ACTIVITY ::
An exact copy of every record below is required, with the pictures left out.
■ ■ ■
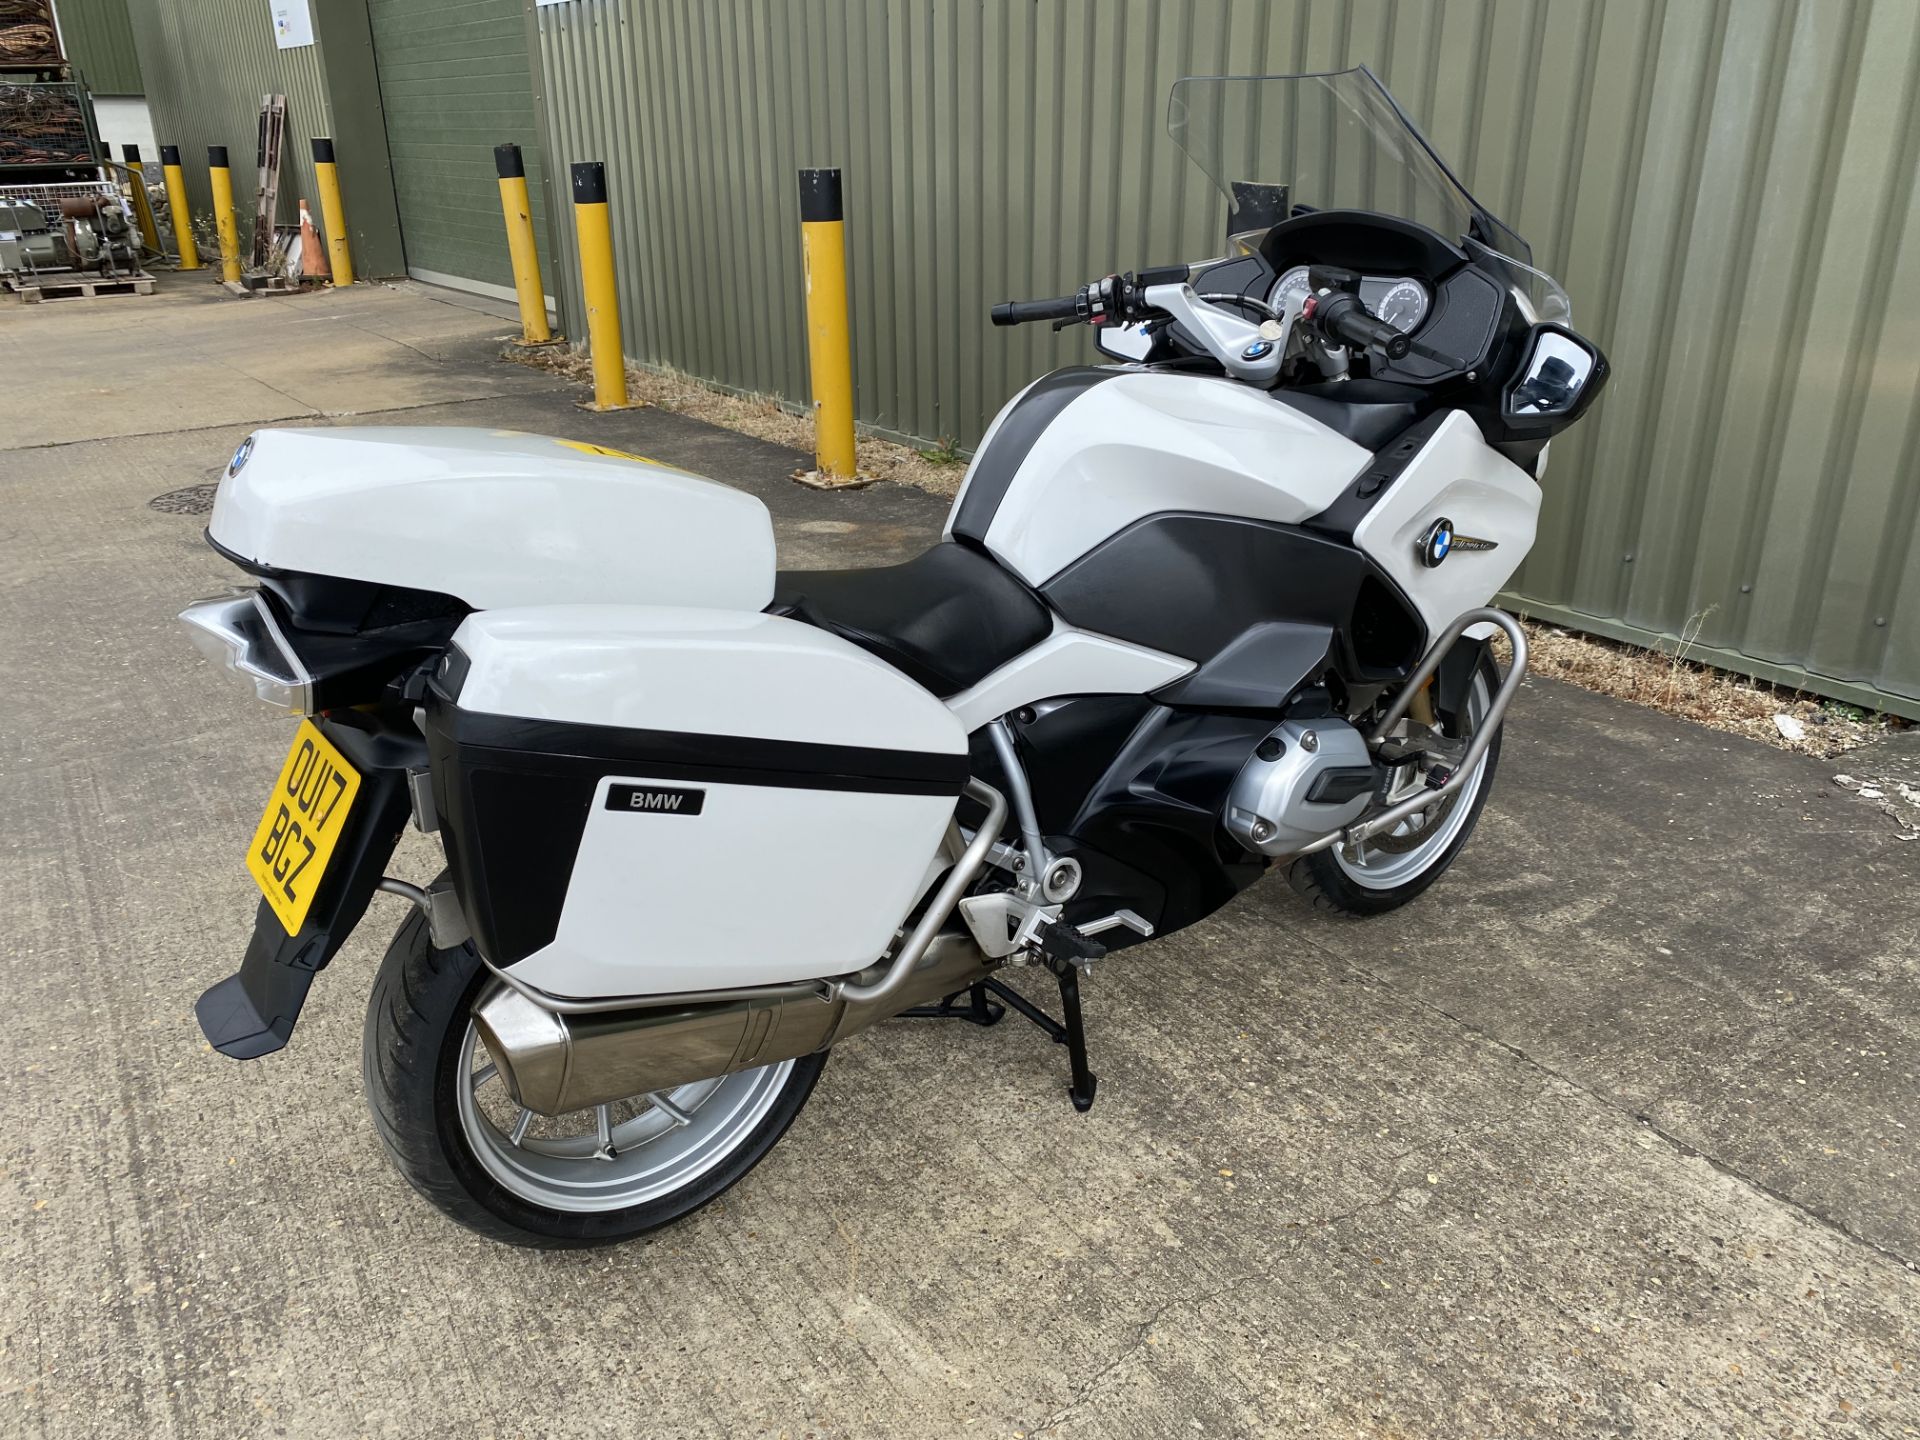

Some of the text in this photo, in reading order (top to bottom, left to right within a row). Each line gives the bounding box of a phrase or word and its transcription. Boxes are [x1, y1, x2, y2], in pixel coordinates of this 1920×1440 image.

[287, 738, 348, 832] OU17
[629, 791, 684, 811] BMW
[260, 802, 317, 905] BGZ
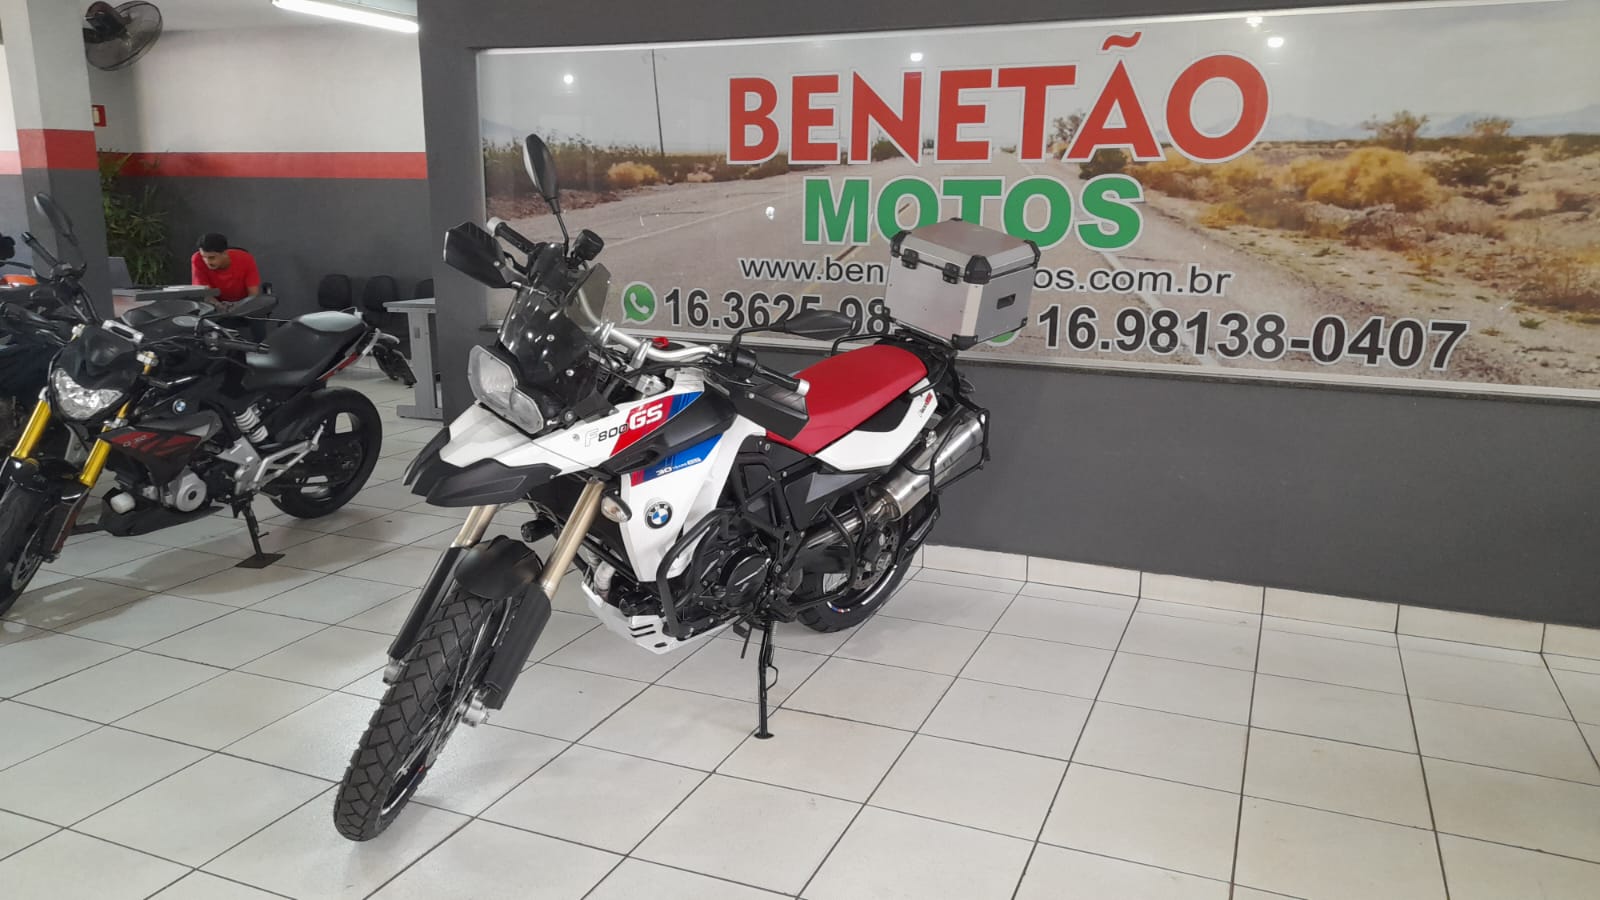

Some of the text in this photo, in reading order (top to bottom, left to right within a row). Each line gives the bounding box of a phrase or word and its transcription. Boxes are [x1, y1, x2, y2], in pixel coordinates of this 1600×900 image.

[728, 31, 1269, 163] BENETÃO
[804, 176, 1143, 249] MOTOS
[741, 256, 1231, 294] www.benos.com.br
[1038, 305, 1468, 370] 16.98138-0407
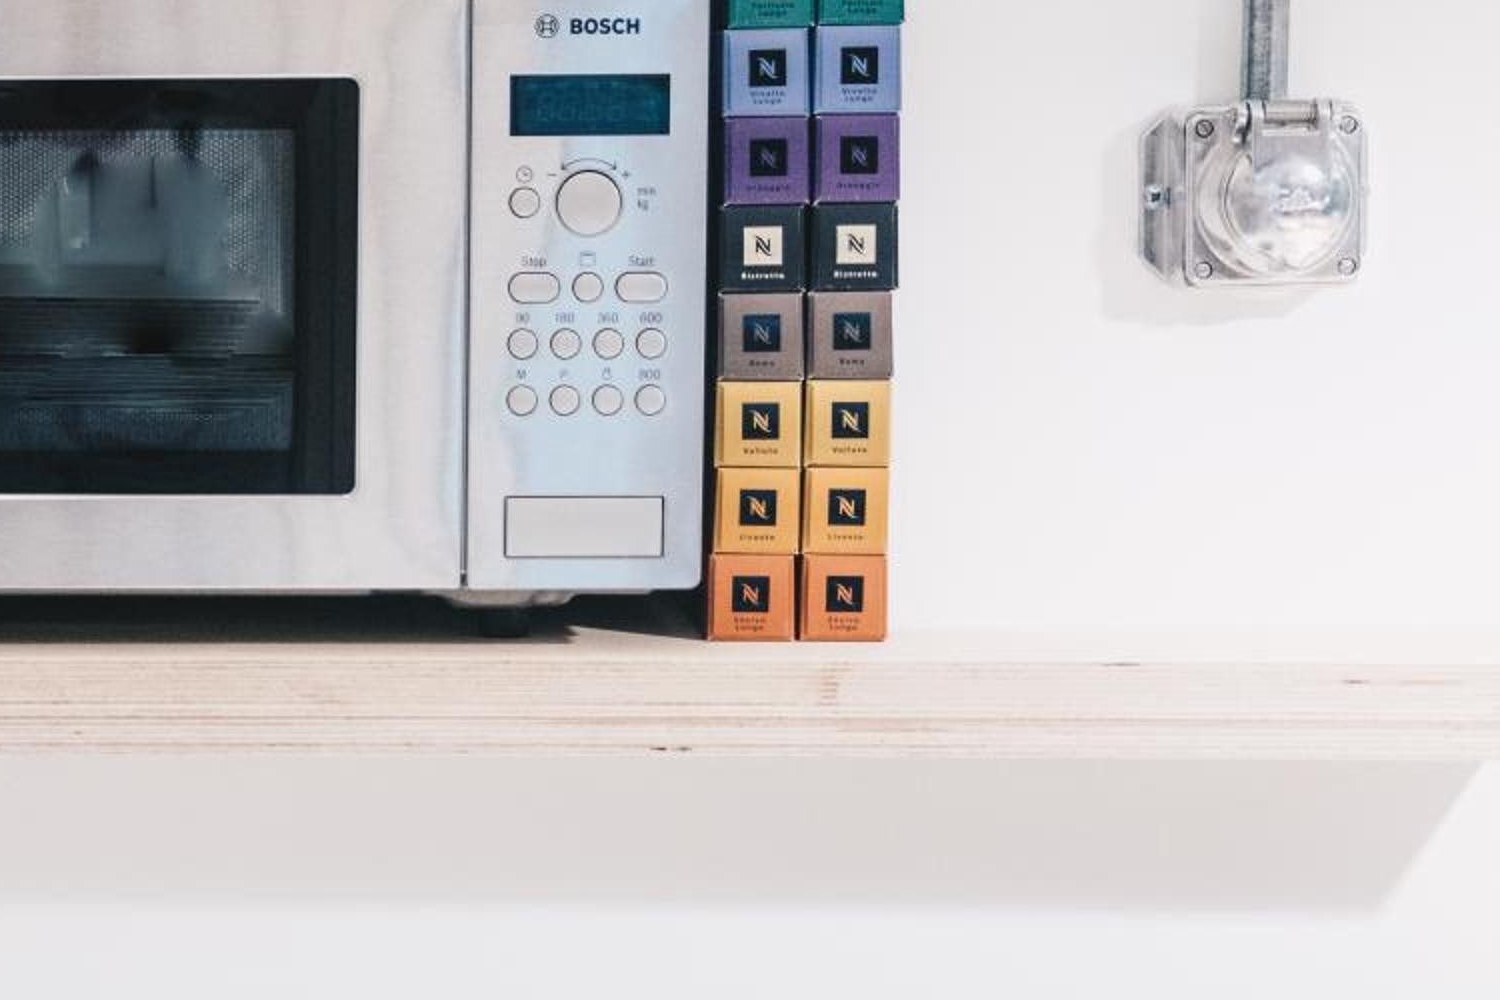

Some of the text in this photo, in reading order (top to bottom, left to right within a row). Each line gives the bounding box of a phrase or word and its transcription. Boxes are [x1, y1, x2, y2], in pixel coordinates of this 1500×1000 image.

[570, 17, 641, 35] BOSCH
[521, 255, 548, 268] Stop
[628, 255, 655, 267] Start
[555, 313, 575, 324] 180
[598, 313, 619, 324] 360
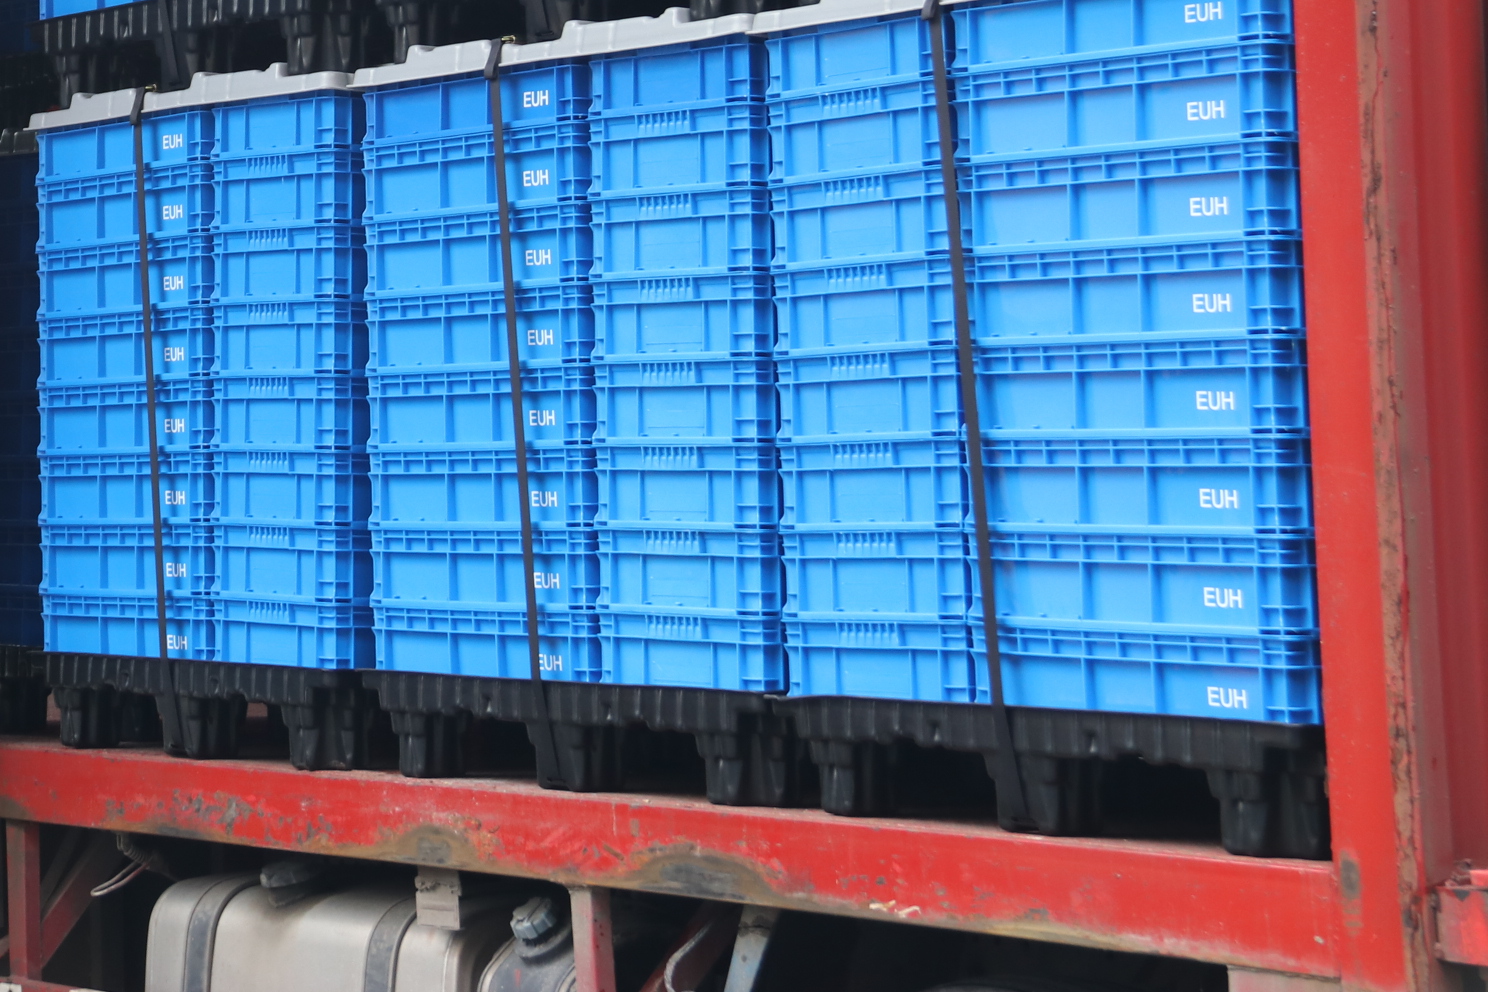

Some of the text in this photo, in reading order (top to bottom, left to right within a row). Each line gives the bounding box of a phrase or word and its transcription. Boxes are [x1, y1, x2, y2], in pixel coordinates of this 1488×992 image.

[1185, 1, 1223, 23] EUH
[524, 90, 549, 107] EUH
[1187, 100, 1225, 121] EUH
[163, 134, 183, 149] EUH
[523, 169, 549, 186] EUH
[163, 205, 183, 220] EUH
[1190, 197, 1228, 216] EUH
[526, 249, 551, 265] EUH
[164, 276, 184, 290] EUH
[1192, 294, 1231, 313] EUH
[528, 329, 554, 345] EUH
[165, 347, 184, 362] EUH
[1196, 391, 1235, 410] EUH
[165, 419, 185, 433] EUH
[529, 410, 555, 426] EUH
[165, 491, 186, 505] EUH
[531, 491, 558, 507] EUH
[1199, 488, 1239, 509] EUH
[166, 563, 186, 577] EUH
[534, 572, 560, 589] EUH
[1204, 587, 1243, 608] EUH
[167, 635, 187, 649] EUH
[538, 654, 562, 671] EUH
[1207, 686, 1248, 709] EUH
■ ■ ■
COMPLETED TASK ::
Some of the text in this photo, in reading order (top to bottom, left to right within a row). Each line gives the bounding box of a phrase or word and its transcription. Boxes are [x1, y1, x2, y2], in pixel coordinates of this 1920×1440 image.

[287, 738, 348, 832] OU17
[629, 791, 684, 811] BMW
[260, 802, 317, 905] BGZ

Some of the text in this photo, in reading order (top to bottom, left to right within a row). Each line gives the bounding box of a phrase or word and its transcription. Boxes are [x1, y1, x2, y2], in pixel coordinates of this 1600×900 image.

[728, 31, 1269, 163] BENETÃO
[804, 176, 1143, 249] MOTOS
[741, 256, 1231, 294] www.benos.com.br
[1038, 305, 1468, 370] 16.98138-0407

Some of the text in this photo, in reading order (top to bottom, left to right within a row). Each line gives the bounding box of a phrase or word and its transcription. Boxes are [x1, y1, x2, y2], in pixel coordinates of this 1500×1000 image.

[570, 17, 641, 35] BOSCH
[521, 255, 548, 268] Stop
[628, 255, 655, 267] Start
[555, 313, 575, 324] 180
[598, 313, 619, 324] 360

Some of the text in this photo, in reading order (top to bottom, left to right within a row). Each line gives the bounding box of a phrase or word and its transcription. Boxes are [x1, y1, x2, y2], in pixel coordinates of this 1488×992 image.

[1185, 1, 1223, 23] EUH
[524, 90, 549, 107] EUH
[1187, 100, 1225, 121] EUH
[163, 134, 183, 149] EUH
[523, 169, 549, 186] EUH
[163, 205, 183, 220] EUH
[1190, 197, 1228, 216] EUH
[526, 249, 551, 265] EUH
[164, 276, 184, 290] EUH
[1192, 294, 1231, 313] EUH
[528, 329, 554, 345] EUH
[165, 347, 184, 362] EUH
[1196, 391, 1235, 410] EUH
[165, 419, 185, 433] EUH
[529, 410, 555, 426] EUH
[165, 491, 186, 505] EUH
[531, 491, 558, 507] EUH
[1199, 488, 1239, 509] EUH
[166, 563, 186, 577] EUH
[534, 572, 560, 589] EUH
[1204, 587, 1243, 608] EUH
[167, 635, 187, 649] EUH
[538, 654, 562, 671] EUH
[1207, 686, 1248, 709] EUH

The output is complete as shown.